Die maritimen Transportwege sind derzeit durch eine zunehmende Digitalisierung und Automatisierung an Bord von Schiffen gekennzeichnet. Die Weiterentwicklung von teil- über hoch- bis hin zu vollautomatisierten und autonomen Schiffen wird derzeit weltweit erforscht und in Prototypentwicklungen umgesetzt. Die technische und betriebliche Integration solcher Schiffe in das bestehende System aus konventionellen Schiffen und landseitigen Verkehrsüberwachungsdiensten ist bisher wenig beachtet worden. Die Verschmelzung von Verkehrs- und Überwachungssystemen ist besonders wichtig in Küstennähe mit hoher Verkehrsdichte, wo Entscheidungen manchmal in kürzester Zeit getroffen werden müssen.

Zusammenfassung der Entwicklung

LEAS konzentriert sich auf den Entwurf, die Umsetzung und die Demonstration von landseitigen Unterstützungsdiensten auf der Grundlage künstlicher Intelligenz (KI) für konventionelle bis autonom navigierende und möglicherweise unbemannte Schiffe Schiffe (Mischverkehr).
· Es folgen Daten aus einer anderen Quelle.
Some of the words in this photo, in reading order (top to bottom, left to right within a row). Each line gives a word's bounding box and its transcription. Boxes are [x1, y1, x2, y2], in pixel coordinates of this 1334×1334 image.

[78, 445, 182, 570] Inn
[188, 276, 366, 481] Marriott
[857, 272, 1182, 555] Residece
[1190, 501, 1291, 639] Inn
Damit wird ein Seeverkehrsszenario adressiert, für das - abgesehen von einigen Simulationsstudien - keine praktischen Erfahrungen zu betrieblichen Anforderungen und Verfahren vorliegen. Die entwickelten Beratungskomponenten und -module sollen auf Elementen basieren, die mit künstlicher Intelligenz (KI) arbeiten und in einer innovativen Mensch-Maschine-Schnittstelle (HMI) implementiert sind. Letztere soll dem menschlichen Bediener die vom automatisierten System verfolgten Absichten oder Ziele und die eingesetzten Mittel anzeigen.

Exemplarische Situation

Das folgende Beispiel eines fiktiven Sicherheitsszenarios veranschaulicht die Frage der landseitigen Unterstützung zur Verbesserung der Sicherheit und Effizienz des Seeverkehrs in der Küstenschifffahrt bei Verkehrssituationen, an denen hochautomatisierte oder autonome Schiffe beteiligt sind, in Verbindung mit Schiff traffic services (VTS).
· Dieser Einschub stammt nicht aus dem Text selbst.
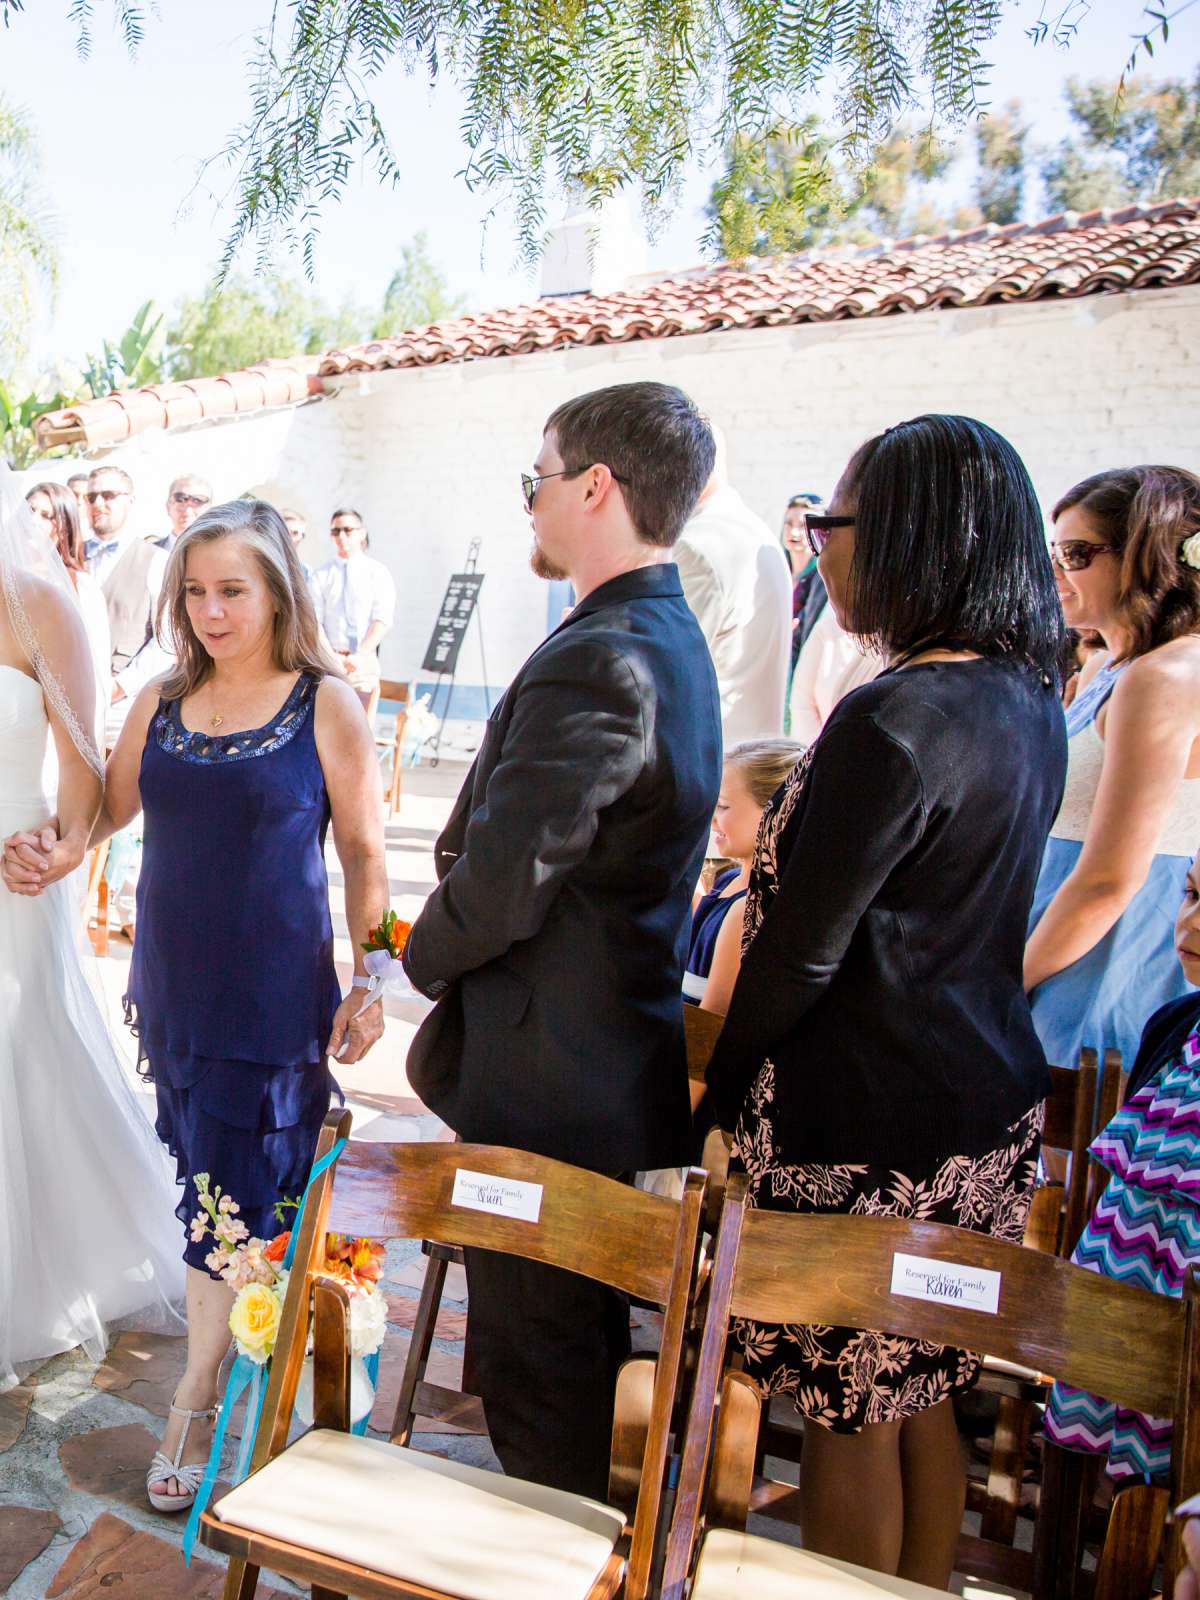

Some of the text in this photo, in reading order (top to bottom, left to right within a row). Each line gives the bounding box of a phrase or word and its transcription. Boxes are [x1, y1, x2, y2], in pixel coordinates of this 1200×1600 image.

[460, 1179, 523, 1200] Reserved for Family
[905, 1267, 987, 1292] Reserved for Family
[926, 1276, 963, 1298] Karen
Thomas hat kürzlich seine Ausbildung zum Operator in einer VTS-Verkehrszentrale erfolgreich abgeschlossen. Er ist einer der ersten, die diesen Beruf ausüben, ohne selbst zur See gefahren zu sein. Es ist Oktober 2025, eine Herbstnacht mit Schauern und böigem Wind steht bevor. Außer Thomas sind noch zwei weitere Mitarbeiter im Dienst, so dass die Mindestbesetzung erfüllt ist.
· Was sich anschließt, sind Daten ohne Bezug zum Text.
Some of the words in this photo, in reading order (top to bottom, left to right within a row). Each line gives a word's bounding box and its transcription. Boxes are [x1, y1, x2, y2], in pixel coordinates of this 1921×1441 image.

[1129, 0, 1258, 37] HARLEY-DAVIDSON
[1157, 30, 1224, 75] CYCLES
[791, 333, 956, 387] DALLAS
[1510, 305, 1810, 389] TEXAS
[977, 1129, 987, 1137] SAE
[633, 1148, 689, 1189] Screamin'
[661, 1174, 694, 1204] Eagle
Er beherrscht die 12 Monitore und die verschiedenen Unterstützungssysteme souverän, denn er ist durch Schulungen gut vorbereitet. Routinemäßig beobachtet er den Verkehr, bis die Intensität des Sprechfunks zunimmt. Ein Alarm erscheint, der anzeigt, dass ein Schiff das Verkehrstrennungssystem (TTS) in der Nähe des Windparks nördlich von Helgoland verlassen hat. Ein weiteres, offensichtlich hochautomatisiertes Schiff nähert sich. Befindet sich dort jemand auf der Brücke? Hat die reedereieigene Überwachungszentrale ein Auge auf die Situation? Es zeichnet sich eine Kollisionsgefahr mit dem Schiff ab, das gerade die TTS verlassen hat. Es gibt keine Anzeichen für ein Ausweichmanöver. Das automatisierte Schiff, das den Kurs hält, fährt weiter nach den Regeln. Das andere Schiff, als derjenige, der zum Ausweichen verpflichtet ist, berührt nun die Sicherheitsgrenze des Windparks. Dort ist es nicht tief, weshalb der Alarm für die Gefahr der Grundberührung ausgelöst wird. In der Zwischenzeit sind im Überwachungsbereich sechs verschiedene Alarme ausgelöst worden. Welcher hat die höchste Priorität, welcher ist der dringendste? Thomas muss sich entscheiden. Gut, dass ihm dafür jetzt ein KI-basiertes Entscheidungsunterstützungssystem zur Verfügung steht.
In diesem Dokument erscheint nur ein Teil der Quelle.